第2話 吉谷は、思いを馳せる



 私で全部、上書きすればいい。こんなことを考えているのって、変かな。



「おっと」

 クリスマスが終わり、年の瀬が近づく今日この頃。

 家族皆での大掃除の最中、床に転がり落ちたイヤホンを拾い上げる。


 外出先でも犬養桜の配信を聴くために、バイト代で奮発して買ったものだ。

 そういえば以前、イヤホンにすると、耳元で私だけの為にさくたんが話したり歌ったりしてくれているみたいで凄く良い、という話をしたら、有住が黙り込んだんだっけ。


 さくたんのカラーである薄花桜…はそうそうあるはずもないので、少しでも近いブルー系統の色で探して買った。
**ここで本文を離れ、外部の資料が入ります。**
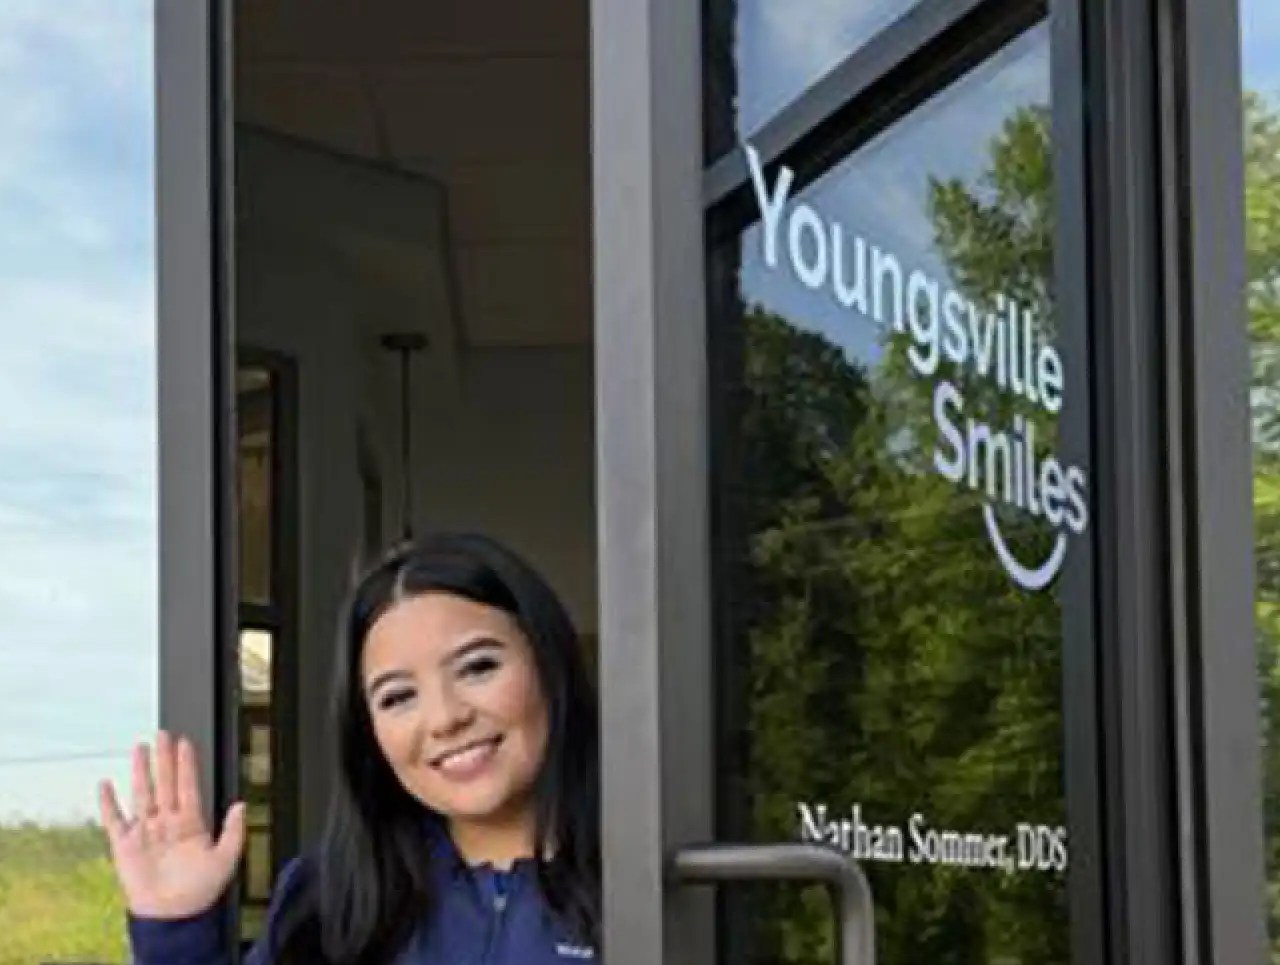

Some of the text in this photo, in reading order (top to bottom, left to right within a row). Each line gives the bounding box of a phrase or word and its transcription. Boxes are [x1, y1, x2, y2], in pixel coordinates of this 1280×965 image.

[744, 144, 1064, 411] Youngsville
[933, 380, 1087, 534] Smiles
[798, 802, 1067, 874] Nathan Sommer, DDS
 メーカーとコラボしてイメージデザインのイヤホンを出しているVtuverもいるだけに、さくたんには早くそれくらい人気が出て欲しいものだ。


 その為にも、もっと応援しなくちゃ。

 ひとりでちいさく決意する。


「あゆ、ごめん、掃除終わったら夕飯の買い物行って来てくれない?」

 部屋に顔を覗かせたお母さんに、おっけー、と返事をする。


「もう大体終わったから、今から行くね」

「そう、ありがとう。外、雪が降り出したから、ちゃんとあったかくしていくのよ」

 わかった、と返事をしてダウンジャケットとマフラーを手に取る。

 手に持っていたイヤホンは、少し迷った後、上着のポケットにつっこんだ。




 外に出ると冷たい雪風に吹かれ、思わずぶるりと身震いする。

 マフラーに顔を埋め、ポケットの中に手を入れて歩き出す。

 耳あても着けてくればよかった。冷たい空気にさらされて、耳殻が痛い。


 ポケットの中で持ってきたイヤホンを転がしながら、さくたんの配信を聴き始めた頃のことを思い出す。


 あれは確か、去年の春休み頃だったはずだ。

 たまたまあがっていた切り抜き動画を適当に観ていたら、見つけた。


 最初の感想は、綺麗な声だな、ってくらいだった。


 でも、観続けてみると、音声が入っているのに入っていないと思い込んで開始前の発声練習をしていたり。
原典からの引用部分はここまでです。